Goal of the exercise:
Omit the pictures while printing every entry below exactly as given.

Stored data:

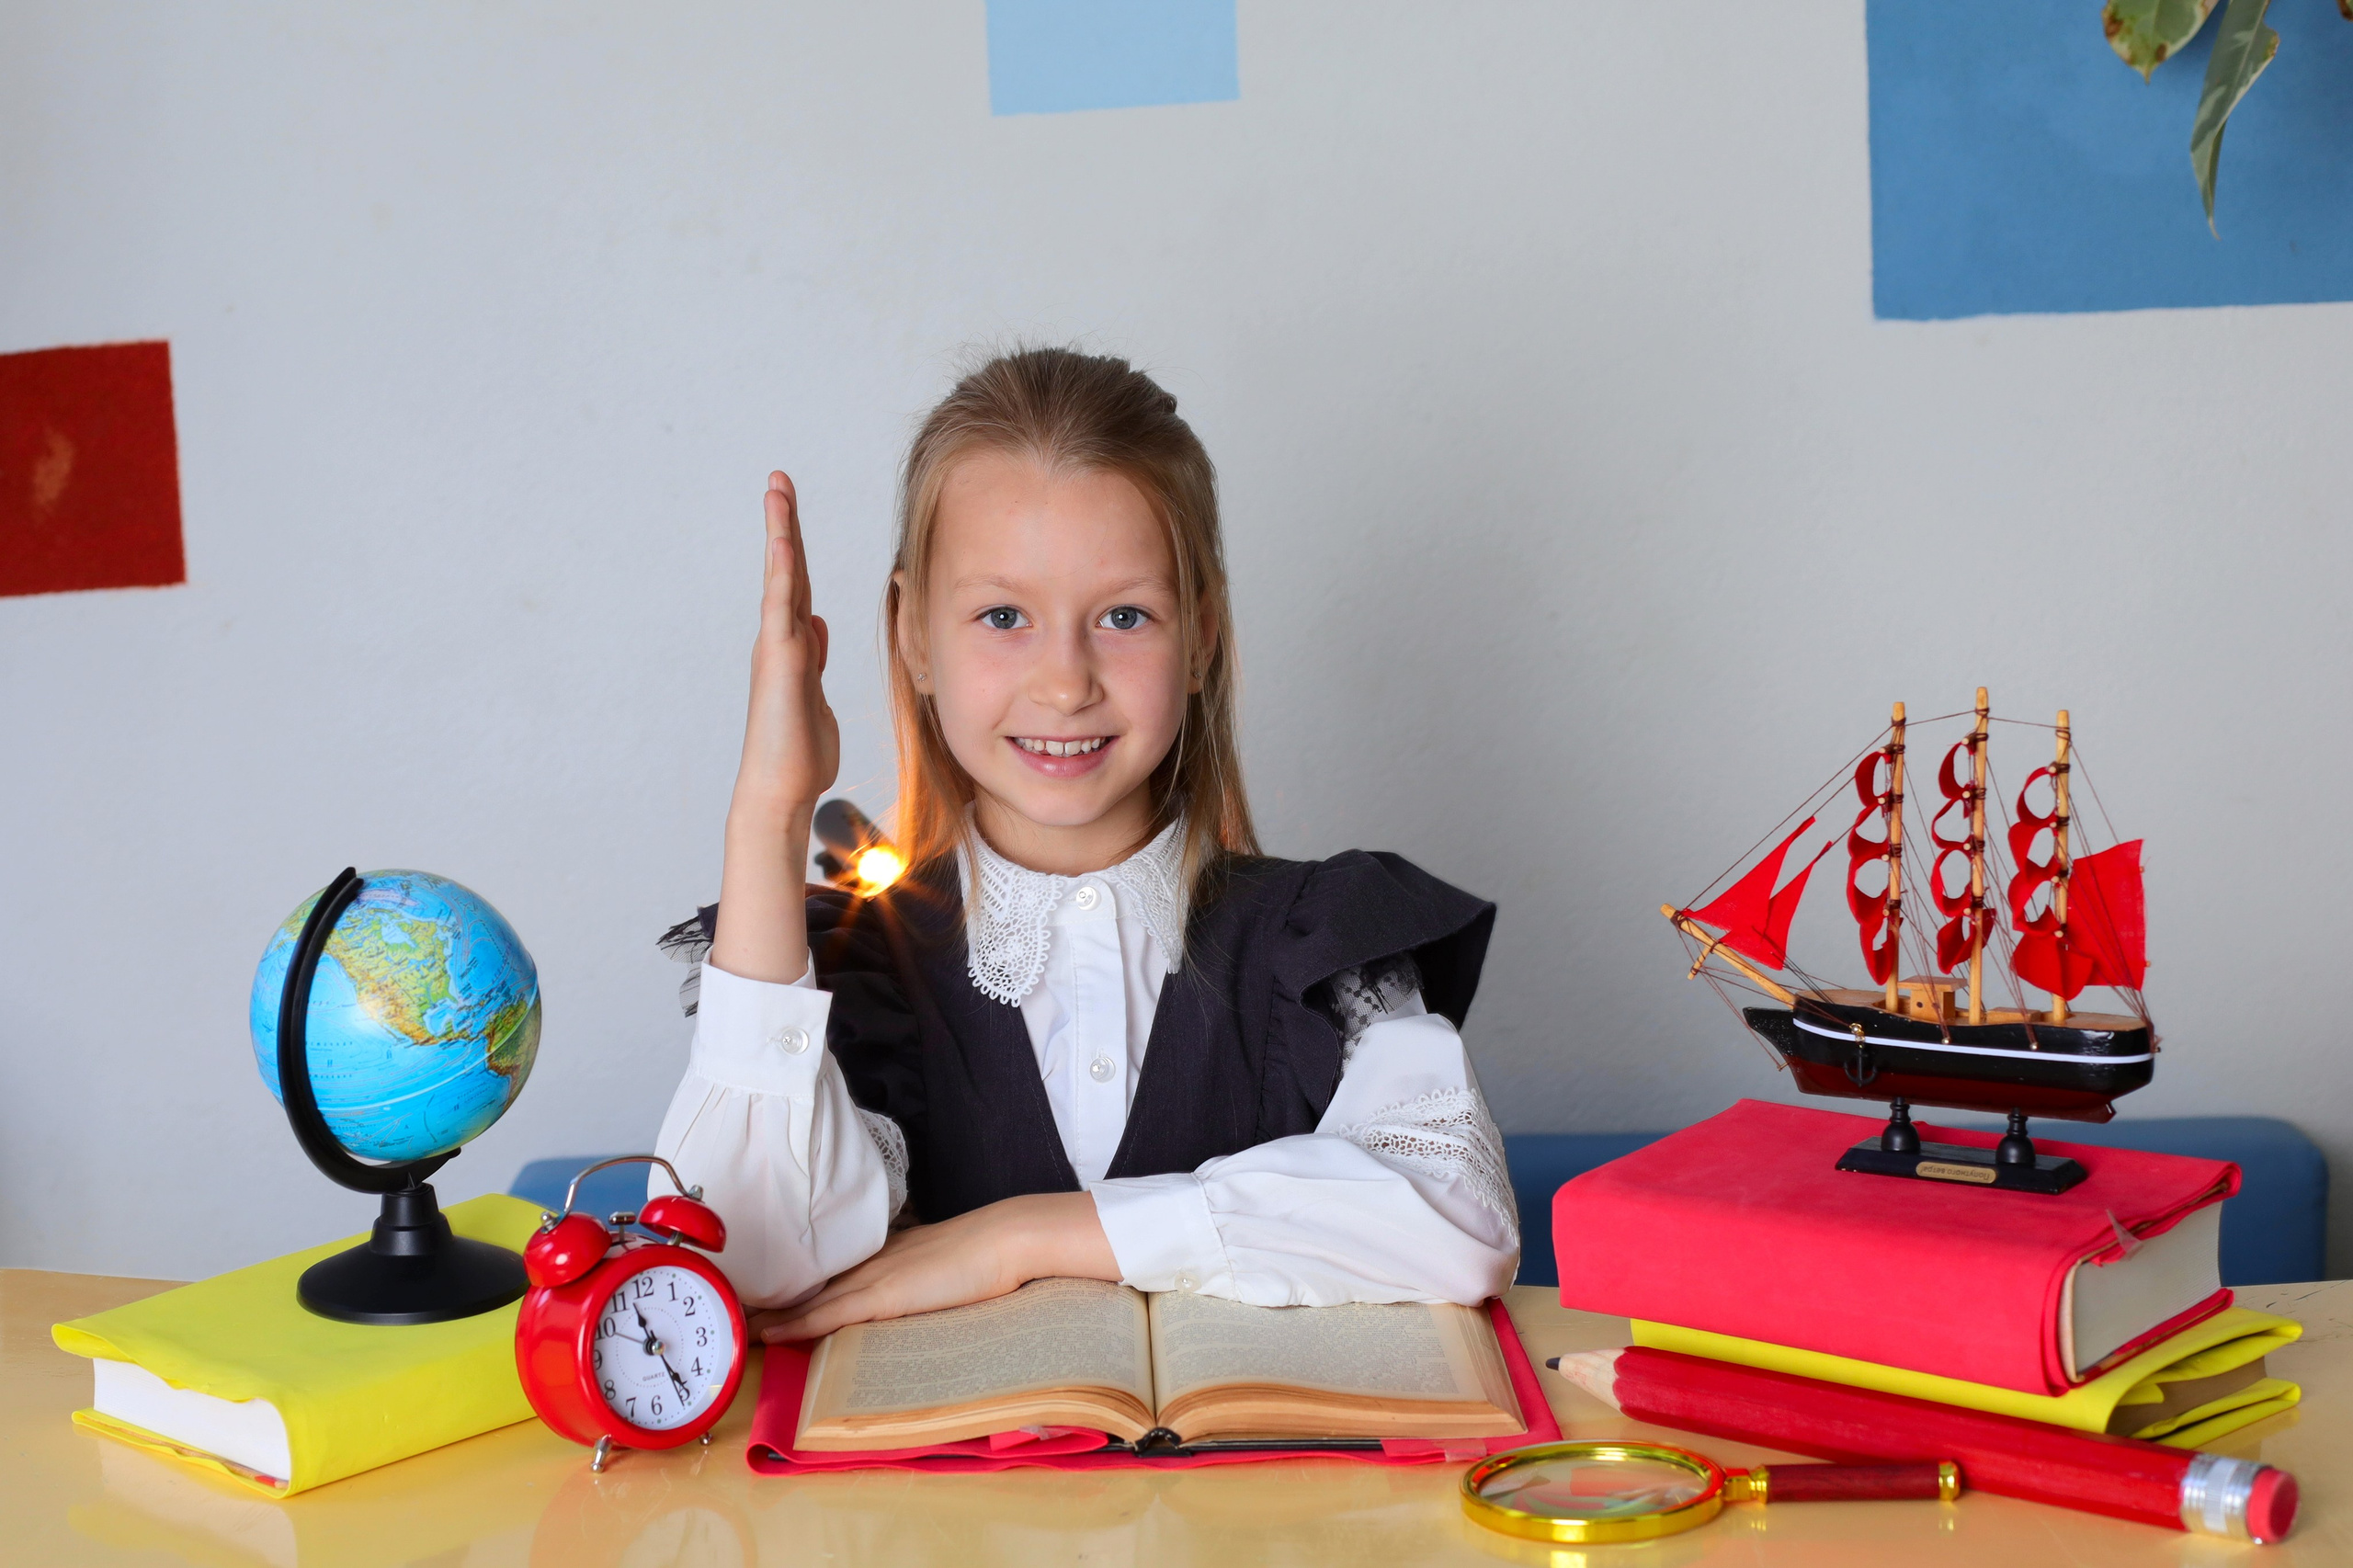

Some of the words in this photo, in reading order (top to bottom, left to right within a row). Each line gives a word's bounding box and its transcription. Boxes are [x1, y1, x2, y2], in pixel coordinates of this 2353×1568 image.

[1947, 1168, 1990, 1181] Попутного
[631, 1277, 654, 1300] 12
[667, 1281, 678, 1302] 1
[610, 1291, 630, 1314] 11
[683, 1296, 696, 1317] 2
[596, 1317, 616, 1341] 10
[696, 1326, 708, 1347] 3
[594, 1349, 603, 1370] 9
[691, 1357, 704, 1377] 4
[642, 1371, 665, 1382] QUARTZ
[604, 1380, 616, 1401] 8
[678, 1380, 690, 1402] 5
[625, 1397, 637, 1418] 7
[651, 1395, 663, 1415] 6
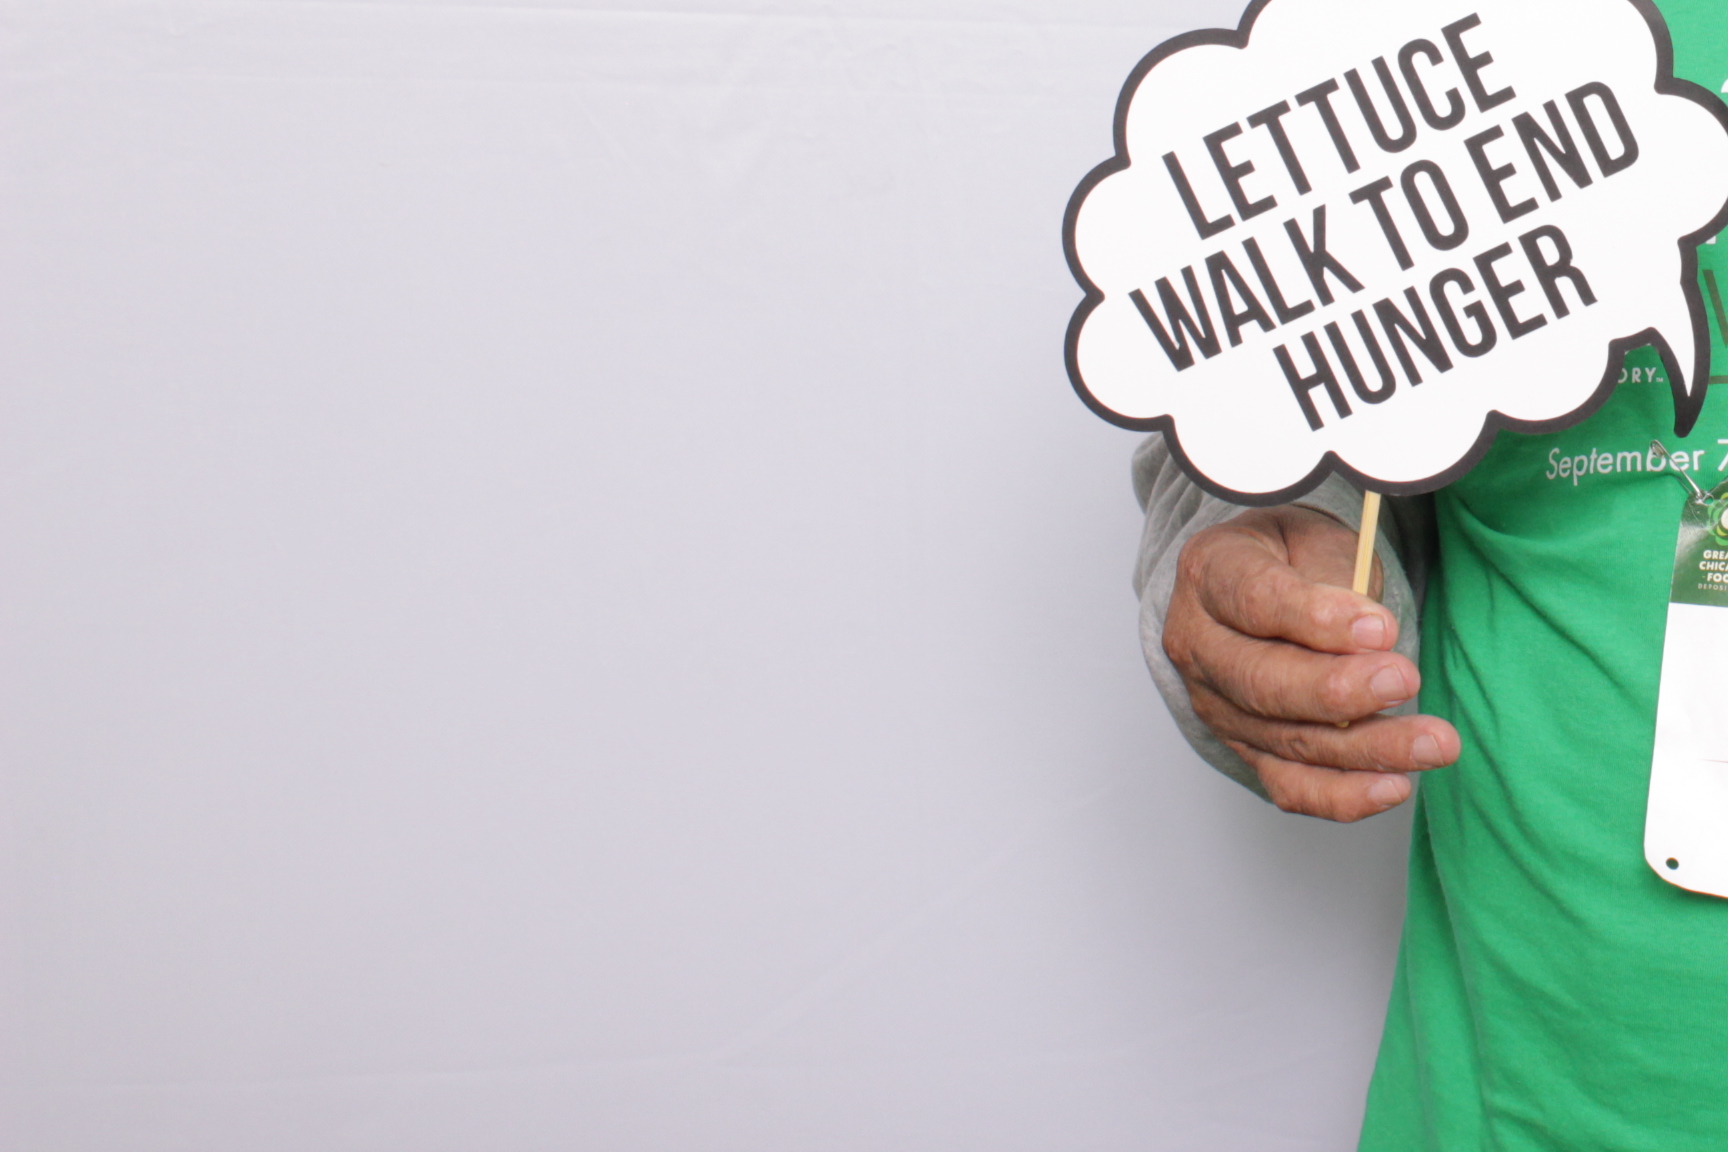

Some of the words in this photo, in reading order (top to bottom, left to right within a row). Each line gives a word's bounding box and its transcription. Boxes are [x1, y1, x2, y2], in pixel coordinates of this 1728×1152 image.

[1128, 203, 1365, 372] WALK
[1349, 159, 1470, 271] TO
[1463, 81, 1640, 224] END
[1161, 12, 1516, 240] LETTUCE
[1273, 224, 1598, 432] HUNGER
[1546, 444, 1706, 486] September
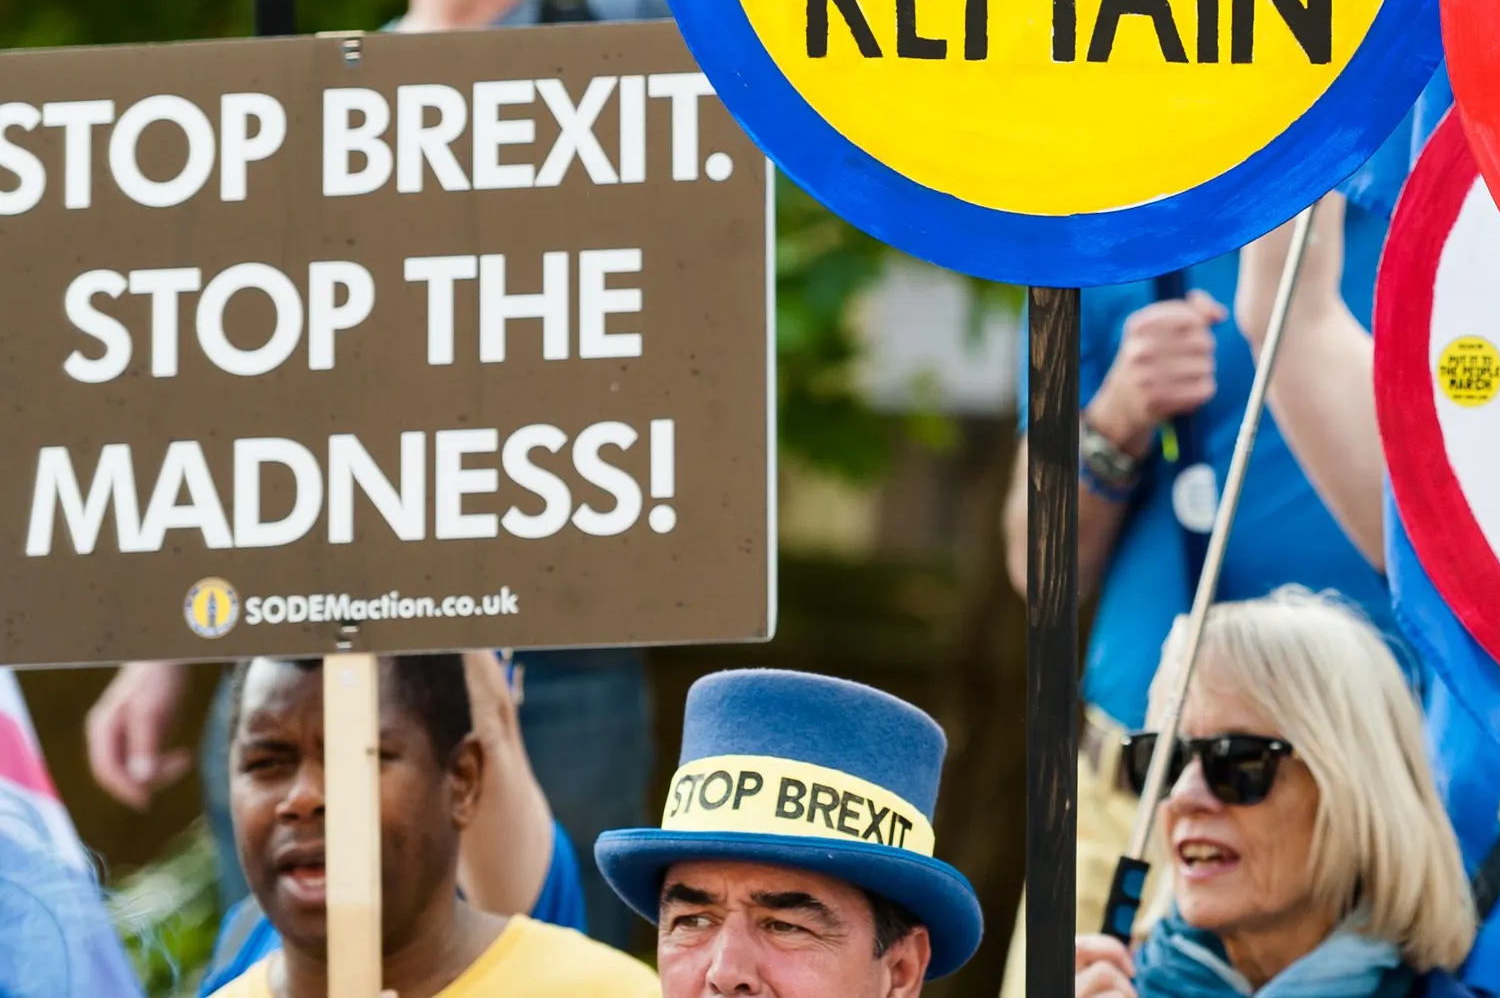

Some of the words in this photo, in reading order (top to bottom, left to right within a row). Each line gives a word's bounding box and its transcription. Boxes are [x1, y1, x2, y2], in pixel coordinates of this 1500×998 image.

Problem solution:
Some of the words in this photo, in reading order (top to bottom, left to right within a row). Each line gives a word's bounding box and its transcription. Boxes are [x1, y1, x2, y2], in pixel coordinates of this 2353×1568 image.

[1947, 1168, 1990, 1181] Попутного
[631, 1277, 654, 1300] 12
[667, 1281, 678, 1302] 1
[610, 1291, 630, 1314] 11
[683, 1296, 696, 1317] 2
[596, 1317, 616, 1341] 10
[696, 1326, 708, 1347] 3
[594, 1349, 603, 1370] 9
[691, 1357, 704, 1377] 4
[642, 1371, 665, 1382] QUARTZ
[604, 1380, 616, 1401] 8
[678, 1380, 690, 1402] 5
[625, 1397, 637, 1418] 7
[651, 1395, 663, 1415] 6

Some of the words in this photo, in reading order (top to bottom, left to right within a row). Each line gives a word's bounding box and its transcription. Boxes are [x1, y1, x2, y2], in pixel coordinates of this 1728×1152 image.

[1128, 203, 1365, 372] WALK
[1349, 159, 1470, 271] TO
[1463, 81, 1640, 224] END
[1161, 12, 1516, 240] LETTUCE
[1273, 224, 1598, 432] HUNGER
[1546, 444, 1706, 486] September

Some of the words in this photo, in reading order (top to bottom, left to right within a row). Each line gives a word's bounding box and its transcription. Boxes are [x1, y1, x2, y2], in pixel coordinates of this 1500×998 image.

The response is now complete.